▶ [Your objective]
Beginning with the first line, return the material verbatim and without pictures.

----------

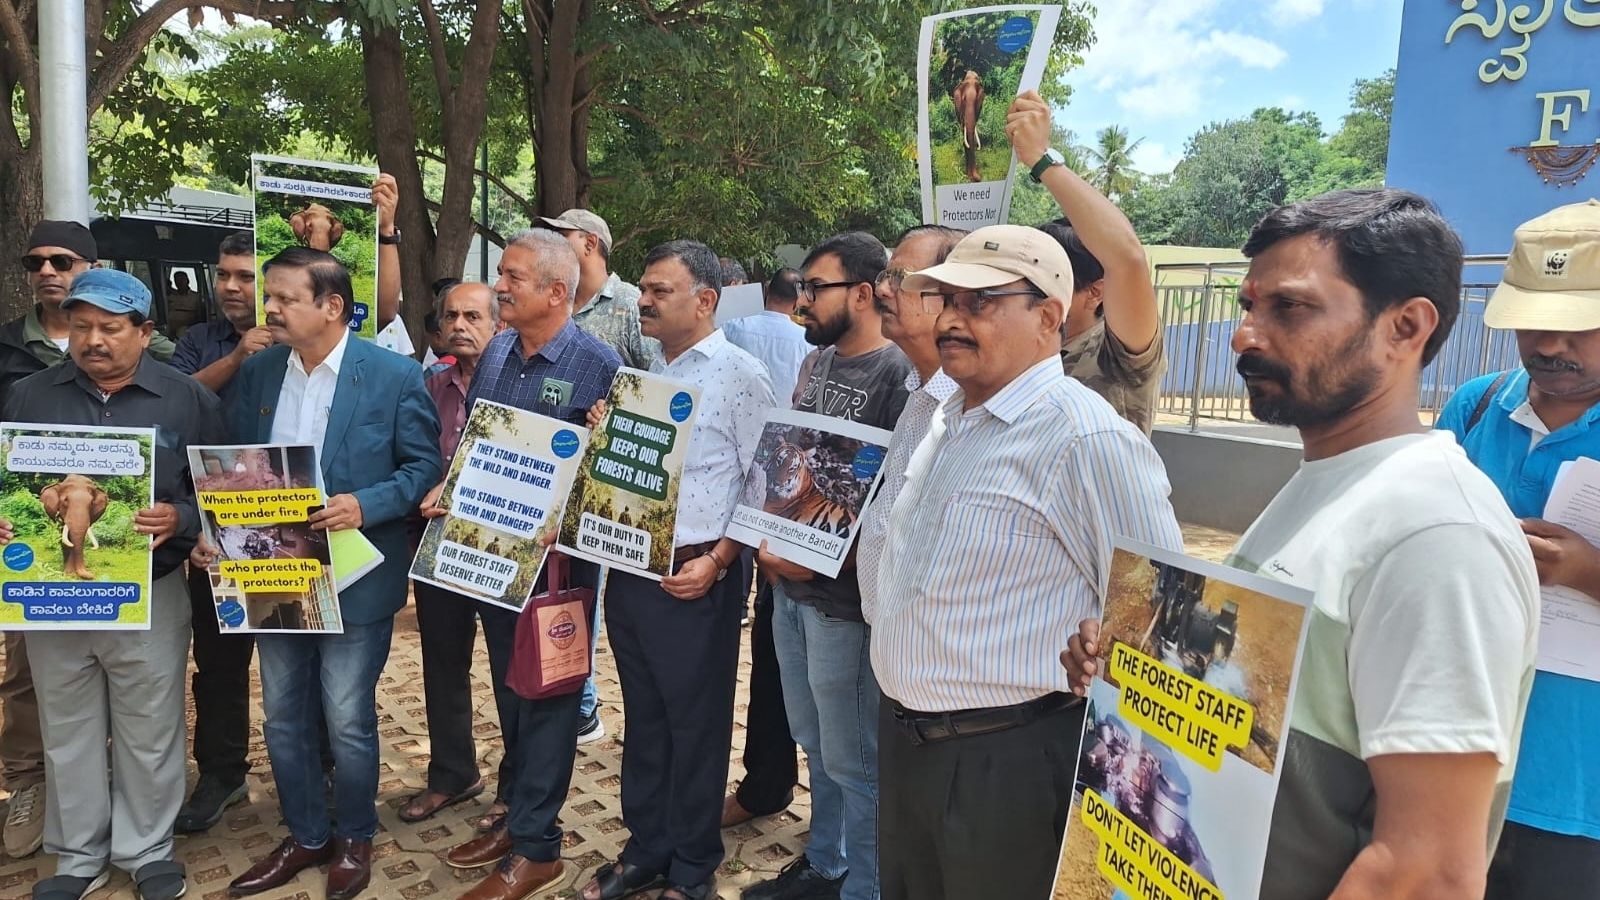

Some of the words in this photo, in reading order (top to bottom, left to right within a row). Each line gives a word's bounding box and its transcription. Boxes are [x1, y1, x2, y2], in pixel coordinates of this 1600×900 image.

[953, 189, 968, 201] We
[970, 186, 990, 200] need
[943, 209, 984, 221] Protectors
[611, 415, 633, 434] THEIR
[633, 421, 671, 446] COURAGE
[18, 442, 45, 450] ಕಾಡು
[99, 444, 135, 457] ಅದನ್ನು
[476, 443, 494, 455] THEY
[494, 448, 518, 463] STAND
[520, 455, 555, 475] BETWEEN
[610, 436, 637, 459] KEEPS
[639, 446, 660, 466] OUR
[469, 457, 481, 468] THE
[482, 460, 500, 475] WILD
[502, 466, 518, 480] AND
[520, 472, 552, 491] DANGER.
[595, 456, 633, 483] FORESTS
[634, 468, 664, 493] ALIVE
[202, 493, 233, 504] When
[236, 493, 254, 504] the
[257, 492, 317, 505] protectors
[459, 486, 475, 499] WHO
[477, 490, 506, 509] STANDS
[508, 500, 544, 520] BETWEEN
[220, 510, 239, 520] are
[242, 508, 276, 519] under
[458, 502, 479, 517] THEM
[480, 507, 496, 522] AND
[498, 513, 534, 533] DANGER?
[583, 517, 597, 532] IT'S
[598, 522, 612, 537] OUR
[614, 528, 633, 542] DUTY
[634, 534, 645, 546] TO
[750, 516, 758, 524] not
[759, 518, 779, 532] create
[780, 524, 808, 541] another
[808, 533, 839, 553] Bandit
[441, 545, 457, 559] OUR
[458, 550, 487, 568] FOREST
[489, 559, 514, 577] STAFF
[581, 534, 600, 548] KEEP
[601, 540, 623, 557] THEM
[625, 547, 645, 563] SAFE
[225, 562, 250, 573] who
[253, 561, 298, 574] protects
[300, 561, 317, 572] the
[243, 576, 305, 589] protectors?
[440, 562, 473, 582] DESERVE
[474, 572, 504, 591] BETTER
[8, 585, 45, 597] ಕಾಡಿನ
[49, 586, 135, 598] ಕಾವಲುಗಾರರಿಗೆ
[29, 605, 73, 615] ಕಾವಲು
[77, 604, 114, 615] ಬೇಕಿದೆ
[1116, 649, 1139, 676] THE
[1140, 661, 1193, 705] FOREST
[1194, 690, 1245, 730] STAFF
[1124, 689, 1185, 736] PROTECT
[1187, 725, 1219, 757] LIFE
[1086, 795, 1126, 836] DON'T
[1124, 829, 1146, 856] LET
[1105, 843, 1134, 885] TAKE

----------

▶ [Response to the exercise]
Some of the words in this photo, in reading order (top to bottom, left to right within a row). Each line gives a word's bounding box and its transcription. Boxes are [x1, y1, x2, y2], in pixel coordinates of this 1600×900 image.

[953, 189, 968, 201] We
[970, 186, 990, 200] need
[943, 209, 984, 221] Protectors
[611, 415, 633, 434] THEIR
[633, 421, 671, 446] COURAGE
[18, 442, 45, 450] ಕಾಡು
[99, 444, 135, 457] ಅದನ್ನು
[476, 443, 494, 455] THEY
[494, 448, 518, 463] STAND
[520, 455, 555, 475] BETWEEN
[610, 436, 637, 459] KEEPS
[639, 446, 660, 466] OUR
[469, 457, 481, 468] THE
[482, 460, 500, 475] WILD
[502, 466, 518, 480] AND
[520, 472, 552, 491] DANGER.
[595, 456, 633, 483] FORESTS
[634, 468, 664, 493] ALIVE
[202, 493, 233, 504] When
[236, 493, 254, 504] the
[257, 492, 317, 505] protectors
[459, 486, 475, 499] WHO
[477, 490, 506, 509] STANDS
[508, 500, 544, 520] BETWEEN
[220, 510, 239, 520] are
[242, 508, 276, 519] under
[458, 502, 479, 517] THEM
[480, 507, 496, 522] AND
[498, 513, 534, 533] DANGER?
[583, 517, 597, 532] IT'S
[598, 522, 612, 537] OUR
[614, 528, 633, 542] DUTY
[634, 534, 645, 546] TO
[750, 516, 758, 524] not
[759, 518, 779, 532] create
[780, 524, 808, 541] another
[808, 533, 839, 553] Bandit
[441, 545, 457, 559] OUR
[458, 550, 487, 568] FOREST
[489, 559, 514, 577] STAFF
[581, 534, 600, 548] KEEP
[601, 540, 623, 557] THEM
[625, 547, 645, 563] SAFE
[225, 562, 250, 573] who
[253, 561, 298, 574] protects
[300, 561, 317, 572] the
[243, 576, 305, 589] protectors?
[440, 562, 473, 582] DESERVE
[474, 572, 504, 591] BETTER
[8, 585, 45, 597] ಕಾಡಿನ
[49, 586, 135, 598] ಕಾವಲುಗಾರರಿಗೆ
[29, 605, 73, 615] ಕಾವಲು
[77, 604, 114, 615] ಬೇಕಿದೆ
[1116, 649, 1139, 676] THE
[1140, 661, 1193, 705] FOREST
[1194, 690, 1245, 730] STAFF
[1124, 689, 1185, 736] PROTECT
[1187, 725, 1219, 757] LIFE
[1086, 795, 1126, 836] DON'T
[1124, 829, 1146, 856] LET
[1105, 843, 1134, 885] TAKE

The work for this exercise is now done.